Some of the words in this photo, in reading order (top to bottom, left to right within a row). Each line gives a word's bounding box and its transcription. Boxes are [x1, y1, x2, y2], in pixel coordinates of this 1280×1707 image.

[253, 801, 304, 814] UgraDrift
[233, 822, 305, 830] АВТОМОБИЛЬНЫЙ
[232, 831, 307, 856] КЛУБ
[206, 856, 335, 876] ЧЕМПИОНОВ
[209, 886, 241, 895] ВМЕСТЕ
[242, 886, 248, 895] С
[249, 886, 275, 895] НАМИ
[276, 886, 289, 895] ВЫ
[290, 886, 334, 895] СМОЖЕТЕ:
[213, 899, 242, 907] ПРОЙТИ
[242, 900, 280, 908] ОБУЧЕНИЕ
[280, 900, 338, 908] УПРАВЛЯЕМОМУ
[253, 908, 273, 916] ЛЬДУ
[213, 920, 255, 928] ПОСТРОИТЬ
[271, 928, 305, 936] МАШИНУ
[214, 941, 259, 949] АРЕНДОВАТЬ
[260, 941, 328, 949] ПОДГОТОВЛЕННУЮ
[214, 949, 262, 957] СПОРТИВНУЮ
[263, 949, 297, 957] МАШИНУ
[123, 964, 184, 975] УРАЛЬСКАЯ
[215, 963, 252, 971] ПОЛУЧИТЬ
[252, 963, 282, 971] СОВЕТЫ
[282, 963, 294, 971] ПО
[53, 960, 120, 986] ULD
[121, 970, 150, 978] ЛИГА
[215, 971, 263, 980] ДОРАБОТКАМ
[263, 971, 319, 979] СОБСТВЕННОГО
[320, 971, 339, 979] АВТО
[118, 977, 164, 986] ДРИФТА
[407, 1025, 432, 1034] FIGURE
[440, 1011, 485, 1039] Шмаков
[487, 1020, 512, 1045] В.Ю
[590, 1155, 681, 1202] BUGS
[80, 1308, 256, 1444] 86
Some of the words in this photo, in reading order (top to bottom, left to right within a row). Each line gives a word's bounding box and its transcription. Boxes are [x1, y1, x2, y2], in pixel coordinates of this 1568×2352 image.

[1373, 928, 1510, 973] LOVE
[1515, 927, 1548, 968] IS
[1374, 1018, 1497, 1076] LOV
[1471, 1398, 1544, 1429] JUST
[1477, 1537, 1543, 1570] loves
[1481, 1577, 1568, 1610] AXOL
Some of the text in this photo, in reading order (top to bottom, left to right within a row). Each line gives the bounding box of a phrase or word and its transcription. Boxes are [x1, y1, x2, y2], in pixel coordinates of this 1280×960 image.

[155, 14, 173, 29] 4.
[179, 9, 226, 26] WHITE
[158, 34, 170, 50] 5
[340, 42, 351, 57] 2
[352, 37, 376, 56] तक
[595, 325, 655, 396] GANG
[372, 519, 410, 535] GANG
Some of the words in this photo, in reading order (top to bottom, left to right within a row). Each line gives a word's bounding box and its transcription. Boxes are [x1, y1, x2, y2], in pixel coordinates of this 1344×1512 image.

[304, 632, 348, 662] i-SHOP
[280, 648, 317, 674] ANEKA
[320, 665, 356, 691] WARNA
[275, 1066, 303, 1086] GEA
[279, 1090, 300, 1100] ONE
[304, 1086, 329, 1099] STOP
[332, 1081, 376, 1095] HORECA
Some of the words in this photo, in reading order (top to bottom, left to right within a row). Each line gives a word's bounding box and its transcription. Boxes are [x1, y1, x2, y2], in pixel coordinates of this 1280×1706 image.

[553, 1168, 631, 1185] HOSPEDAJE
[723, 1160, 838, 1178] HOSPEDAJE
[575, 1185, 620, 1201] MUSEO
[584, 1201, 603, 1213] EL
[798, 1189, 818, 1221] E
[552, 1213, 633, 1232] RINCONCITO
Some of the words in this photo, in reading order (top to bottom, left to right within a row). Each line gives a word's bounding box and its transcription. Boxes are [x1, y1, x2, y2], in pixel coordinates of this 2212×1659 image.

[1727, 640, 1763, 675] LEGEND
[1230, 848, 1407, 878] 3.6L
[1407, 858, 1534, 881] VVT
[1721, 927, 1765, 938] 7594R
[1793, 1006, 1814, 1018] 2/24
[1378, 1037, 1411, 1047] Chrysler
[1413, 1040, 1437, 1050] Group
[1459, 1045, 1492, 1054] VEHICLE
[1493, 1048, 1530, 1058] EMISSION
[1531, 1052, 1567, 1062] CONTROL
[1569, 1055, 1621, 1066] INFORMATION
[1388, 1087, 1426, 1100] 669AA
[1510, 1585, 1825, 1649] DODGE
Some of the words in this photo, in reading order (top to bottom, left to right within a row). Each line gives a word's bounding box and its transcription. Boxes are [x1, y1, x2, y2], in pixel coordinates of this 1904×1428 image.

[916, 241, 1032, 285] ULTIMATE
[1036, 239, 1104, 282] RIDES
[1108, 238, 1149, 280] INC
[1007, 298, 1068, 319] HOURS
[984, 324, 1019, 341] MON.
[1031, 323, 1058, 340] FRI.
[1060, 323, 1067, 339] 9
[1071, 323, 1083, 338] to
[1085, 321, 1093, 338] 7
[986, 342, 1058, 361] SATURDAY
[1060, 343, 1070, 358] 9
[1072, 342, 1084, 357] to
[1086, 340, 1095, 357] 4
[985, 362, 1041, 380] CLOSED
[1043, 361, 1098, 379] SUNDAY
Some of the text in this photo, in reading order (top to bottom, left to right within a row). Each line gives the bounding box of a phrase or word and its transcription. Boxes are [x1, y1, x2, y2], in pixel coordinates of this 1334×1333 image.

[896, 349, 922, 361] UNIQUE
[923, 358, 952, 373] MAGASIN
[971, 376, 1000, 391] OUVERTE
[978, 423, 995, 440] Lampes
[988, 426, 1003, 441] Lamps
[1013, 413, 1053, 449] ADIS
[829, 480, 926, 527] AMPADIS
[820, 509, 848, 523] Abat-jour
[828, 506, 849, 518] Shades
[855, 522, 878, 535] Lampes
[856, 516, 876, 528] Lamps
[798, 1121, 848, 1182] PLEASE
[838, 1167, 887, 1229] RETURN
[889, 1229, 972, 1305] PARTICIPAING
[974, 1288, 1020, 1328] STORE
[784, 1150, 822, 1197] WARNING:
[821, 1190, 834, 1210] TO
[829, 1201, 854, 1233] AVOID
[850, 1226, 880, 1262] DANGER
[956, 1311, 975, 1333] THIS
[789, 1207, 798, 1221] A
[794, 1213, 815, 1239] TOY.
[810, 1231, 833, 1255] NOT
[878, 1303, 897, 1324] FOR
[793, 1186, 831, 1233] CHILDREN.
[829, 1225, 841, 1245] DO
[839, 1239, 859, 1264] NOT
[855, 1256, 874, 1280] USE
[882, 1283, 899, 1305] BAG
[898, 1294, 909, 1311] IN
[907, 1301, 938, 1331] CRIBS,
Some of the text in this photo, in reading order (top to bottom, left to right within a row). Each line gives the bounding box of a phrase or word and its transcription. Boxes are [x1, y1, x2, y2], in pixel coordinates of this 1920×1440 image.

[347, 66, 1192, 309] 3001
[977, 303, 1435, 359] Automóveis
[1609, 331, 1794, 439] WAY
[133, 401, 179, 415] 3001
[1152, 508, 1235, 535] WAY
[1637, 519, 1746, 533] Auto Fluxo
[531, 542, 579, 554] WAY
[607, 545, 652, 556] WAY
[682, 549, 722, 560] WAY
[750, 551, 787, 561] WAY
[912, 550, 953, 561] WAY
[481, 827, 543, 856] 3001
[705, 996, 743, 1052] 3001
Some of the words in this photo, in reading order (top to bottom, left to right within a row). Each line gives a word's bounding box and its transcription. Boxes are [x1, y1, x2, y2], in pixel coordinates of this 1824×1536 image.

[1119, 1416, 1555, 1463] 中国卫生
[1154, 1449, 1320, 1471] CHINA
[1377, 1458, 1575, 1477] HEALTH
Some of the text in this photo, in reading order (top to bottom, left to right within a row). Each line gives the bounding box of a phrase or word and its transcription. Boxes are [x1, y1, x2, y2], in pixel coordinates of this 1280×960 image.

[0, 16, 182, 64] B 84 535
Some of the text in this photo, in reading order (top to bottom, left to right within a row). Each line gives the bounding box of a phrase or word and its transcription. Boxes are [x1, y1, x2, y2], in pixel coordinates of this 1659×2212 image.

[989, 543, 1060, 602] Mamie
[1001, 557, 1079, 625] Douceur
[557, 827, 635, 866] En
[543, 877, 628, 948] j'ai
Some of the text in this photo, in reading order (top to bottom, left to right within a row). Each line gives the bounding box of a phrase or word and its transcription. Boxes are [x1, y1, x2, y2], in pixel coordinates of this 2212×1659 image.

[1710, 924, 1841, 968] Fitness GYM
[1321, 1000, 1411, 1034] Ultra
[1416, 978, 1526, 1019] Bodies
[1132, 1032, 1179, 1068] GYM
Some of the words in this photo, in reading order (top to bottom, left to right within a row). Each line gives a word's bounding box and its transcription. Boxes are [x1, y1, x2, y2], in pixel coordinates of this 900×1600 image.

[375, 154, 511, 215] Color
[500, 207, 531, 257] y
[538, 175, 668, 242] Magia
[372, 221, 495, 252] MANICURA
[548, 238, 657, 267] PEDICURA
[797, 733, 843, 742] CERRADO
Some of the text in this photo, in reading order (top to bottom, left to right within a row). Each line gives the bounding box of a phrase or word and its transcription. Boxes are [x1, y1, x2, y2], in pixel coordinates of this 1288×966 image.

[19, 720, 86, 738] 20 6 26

■ **TRY IT**
Reproduce the lines from the one containing "this 1288×966 image." to the end of the entries, keeping both ends and adding nothing.

■ **TASK ANSWER**
Some of the text in this photo, in reading order (top to bottom, left to right within a row). Each line gives the bounding box of a phrase or word and its transcription. Boxes are [x1, y1, x2, y2], in pixel coordinates of this 1288×966 image.

[19, 720, 86, 738] 20 6 26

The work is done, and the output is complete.